Algo que realmente pesa é a falta de criatividade nos vocais, principalmente vindo de uma vocalista tão poderosa quanto a que temos aqui. É triste ouvir modulações quase idênticas, onde apenas poucos retoques que levariam seu canto a diferentes caminhos já poderiam fazer uma grande diferença.

‘my hair’ e ‘love language’ conseguem sair da zona de conforto de forma tímida… o que ajuda o disco a não se tornar refém de seu próprio ritmo, já que a vibe das duas é algo um pouco fora da curva.

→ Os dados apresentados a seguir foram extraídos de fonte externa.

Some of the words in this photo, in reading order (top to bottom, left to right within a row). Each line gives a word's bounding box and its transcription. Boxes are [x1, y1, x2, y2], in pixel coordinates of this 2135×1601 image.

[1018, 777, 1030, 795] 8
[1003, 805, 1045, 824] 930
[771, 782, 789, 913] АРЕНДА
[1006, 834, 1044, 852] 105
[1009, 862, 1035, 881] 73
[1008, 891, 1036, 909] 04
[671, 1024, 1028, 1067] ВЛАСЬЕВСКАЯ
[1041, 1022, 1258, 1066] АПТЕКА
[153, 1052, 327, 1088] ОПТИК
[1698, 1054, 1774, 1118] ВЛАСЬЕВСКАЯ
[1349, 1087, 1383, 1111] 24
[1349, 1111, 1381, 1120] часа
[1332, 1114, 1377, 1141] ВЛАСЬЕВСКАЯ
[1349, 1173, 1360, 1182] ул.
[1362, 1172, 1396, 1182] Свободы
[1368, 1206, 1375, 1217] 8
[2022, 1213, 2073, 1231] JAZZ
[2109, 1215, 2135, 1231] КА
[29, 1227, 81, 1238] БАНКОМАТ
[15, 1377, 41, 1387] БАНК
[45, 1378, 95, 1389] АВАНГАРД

A faixa ‘Positions’ não foi o suficiente para trazer uma grande ansiedade para o disco, justamente por parecer algo muito básico vindo da artista. Ela soa como uma boa bonus track de ‘thank u, next’, o bastante para enganar os ouvidos durante alguns dias, ao mesmo tempo em que corre o risco de ter tanta força quanto ‘Focus’ teve em sua carreira.

Os melhores momentos acontecem quando Ariana não está sozinha, em ‘motive’ a produção acelera um pouco, quase com uma pitada de dance, e a colaboração com Doja Cat trás uma sintonia tão boa que chega a dar saudades das faixas com Nicki Minaj, provando que um dueto com rapper feminina é sempre bem vindo. ‘safety net’ com Ty Dolla $ign engata o bastante para animar novamente o ouvinte sem oferecer algo tão novo, além de ser uma típica canção arroz com feijão da artista, que tende a agradar qualquer desavisado que apenas busca um dueto bonitinho.

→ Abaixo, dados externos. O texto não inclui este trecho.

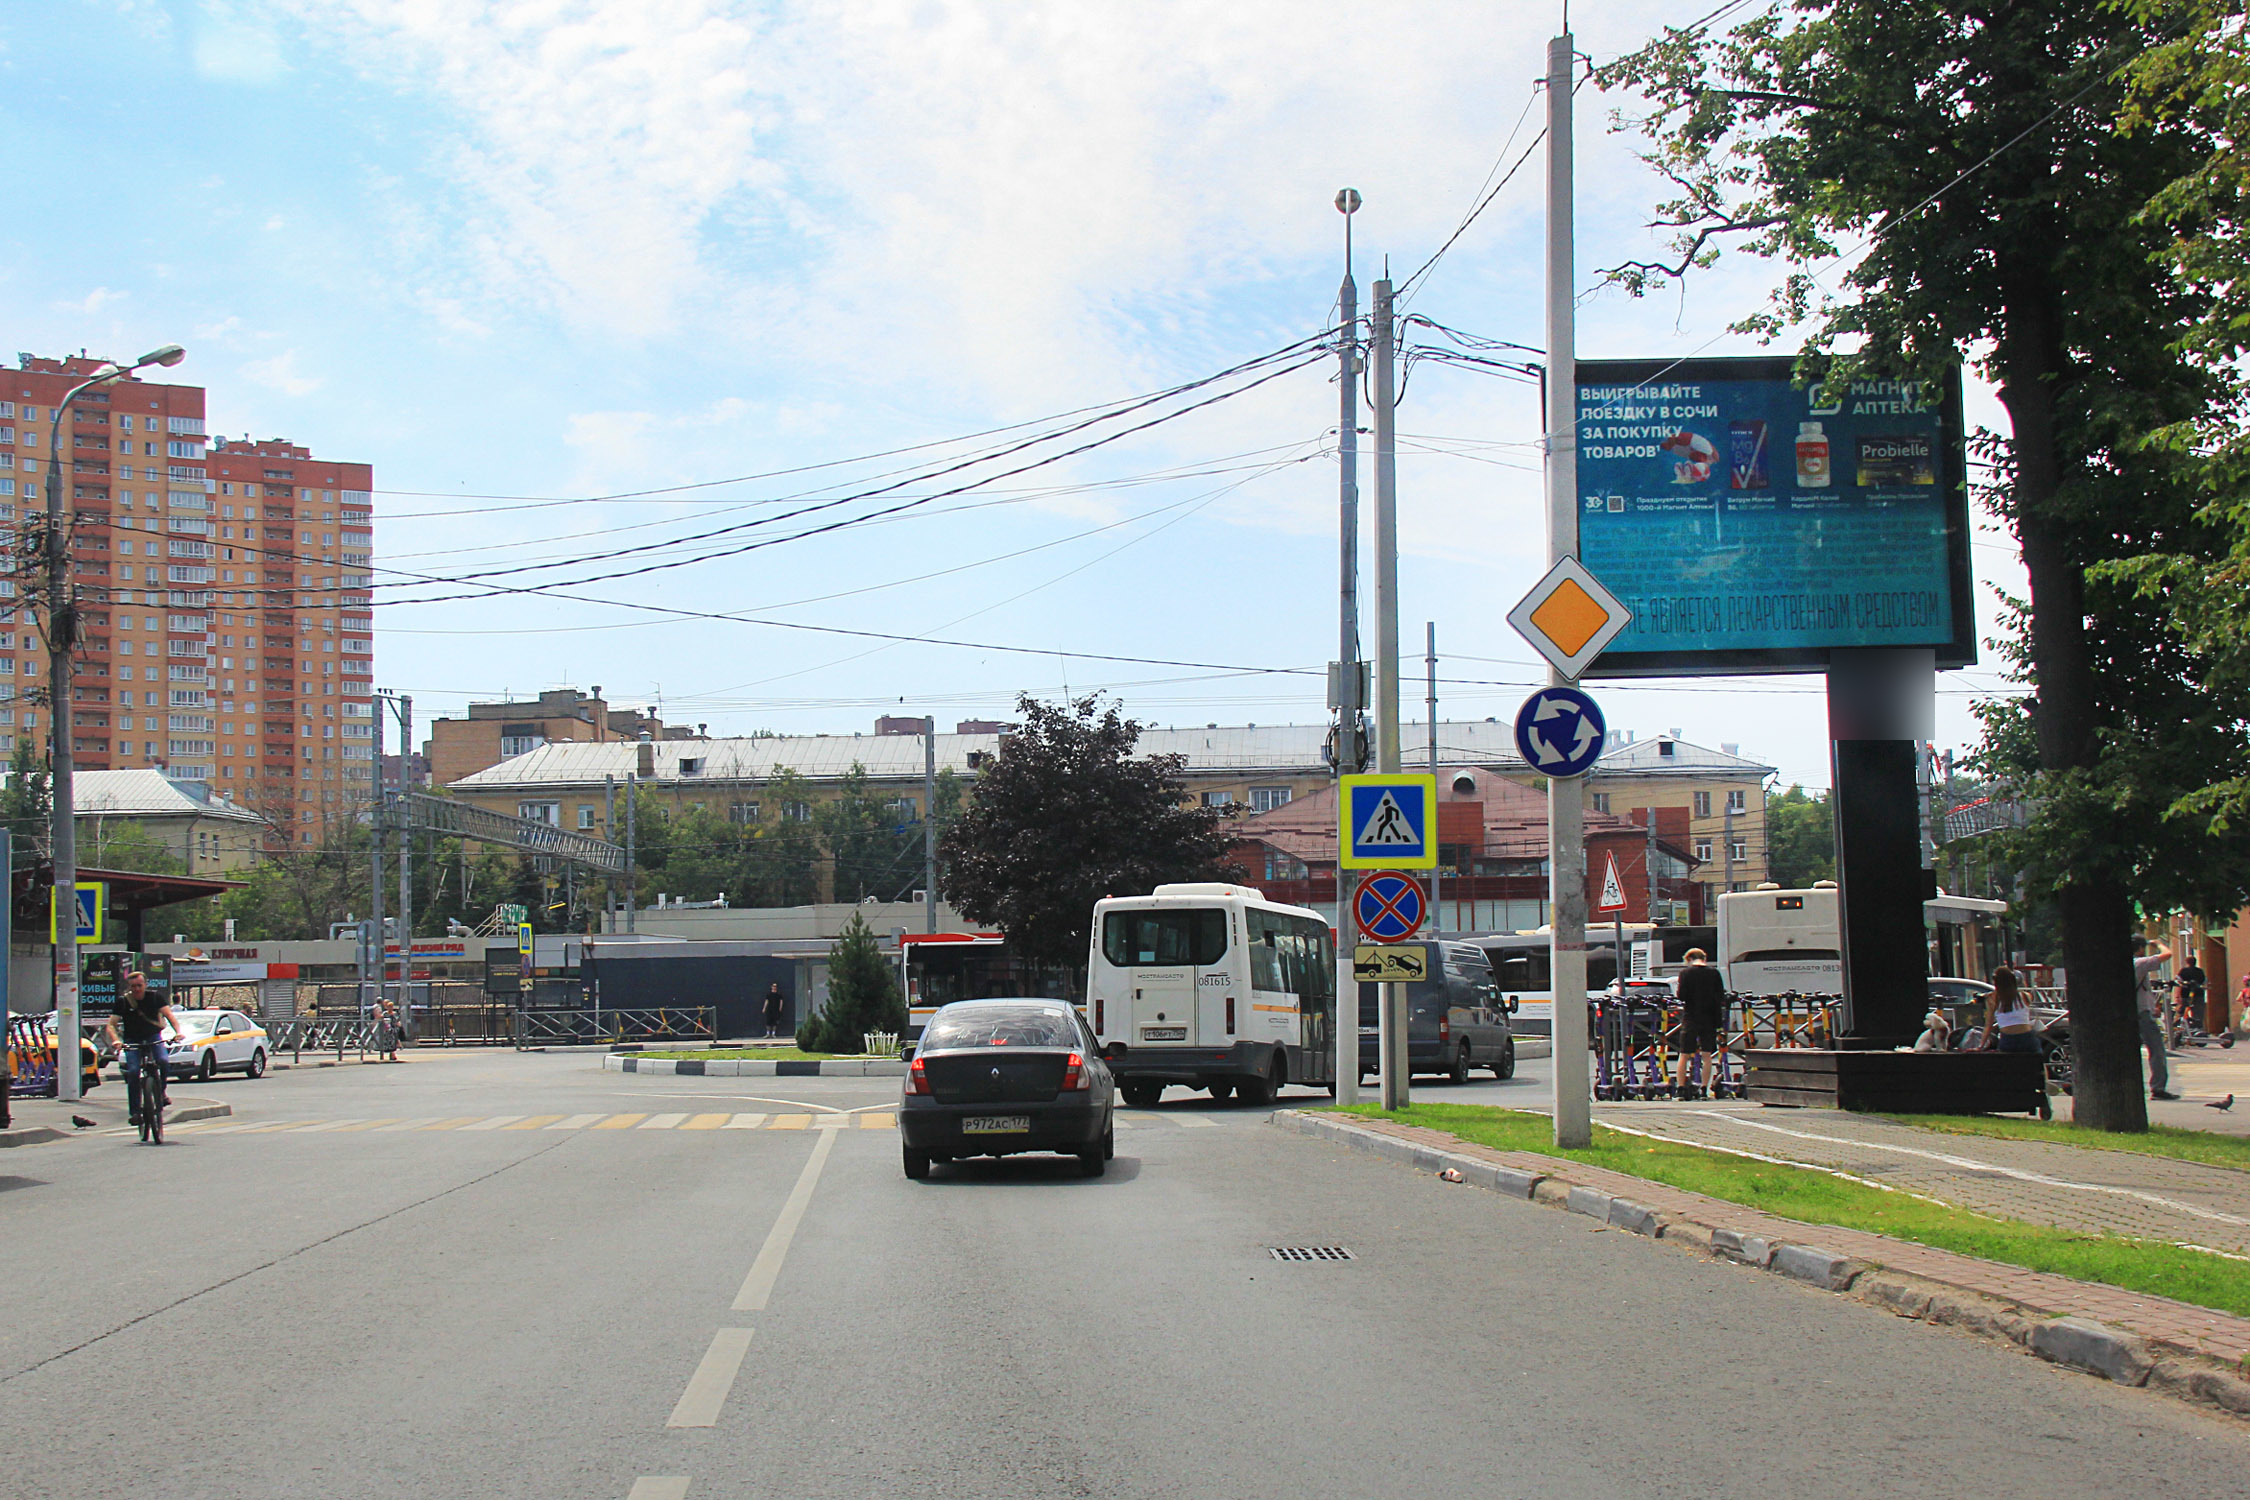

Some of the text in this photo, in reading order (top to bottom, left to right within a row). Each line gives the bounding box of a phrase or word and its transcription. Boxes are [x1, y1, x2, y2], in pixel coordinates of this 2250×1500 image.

[1580, 383, 1701, 401] ВЫИГРЫВАЙТЕ
[1850, 380, 1924, 396] МАГНИТ
[1581, 405, 1718, 421] ПОЕЗДКУ В СОЧИ
[1852, 400, 1928, 415] АПТЕКА
[1582, 425, 1682, 440] ЗА ПОКУПКУ
[1862, 444, 1929, 457] Probielle
[1626, 591, 1939, 634] НЕ ЯВЛЯЕТСЯ ЛЕКАРСТВЕННЫМ СРЕДСТВОМ
[211, 948, 258, 959] БУЛОЧНАЯ
[1198, 977, 1231, 986] 081615
[965, 1117, 1028, 1130] Р972АС 177

Felizmente a expectativa para a nova participação de The Weeknd foi alcançada, e ‘off the table’ é a que ganha mais pontos. A forma como os dois combinam é tão mágica que sempre deixa desejos de um possível álbum colaborativo, e propositalmente ou não essa também é a faixa mais sensual de todo o álbum.

Positions’ é um pequeno passo na tentativa de mirar novos acertos se baseando em velhos métodos. A real discussão aqui é sobre sua estrutura, já que em muitos momentos nem se parece tanto com um álbum oficial, e sim um projeto paralelo. Fica mais difícil ainda acreditar que houve realmente uma abordagem séria (principalmente após a cantora ter dito que não tinha planos de lançar qualquer disco durante a pandemia) quando ele não parece fazer qualquer cócega para agradar os ouvintes. O disco não tenta inventar a roda, e não tem problema algum nisso, mas ele também não tenta ao menos trazer algo que o faça ter qualquer tipo de importância na discografia que faz parte.

A sorte de Ariana Grande é ser uma artista acima da média, então qualquer pouco esforço ainda sim é o bastante para entregar um projeto sólido. Mas quando temos uma nivelação por cima, não se espera nada além de algo que realmente faça a diferença, e que diga (ou cante) que existe sim um espaço para este trabalho dentre tantos tão significativos. O resultado final é como um brinquedo novo, impossível não ficar sem brincar com ele durante os primeiros dias, mas que em algum momento será esquecido e trocado por um outro [disco da discografia], algum que mesmo tão criticado e batido ainda oferece muito mais diversão.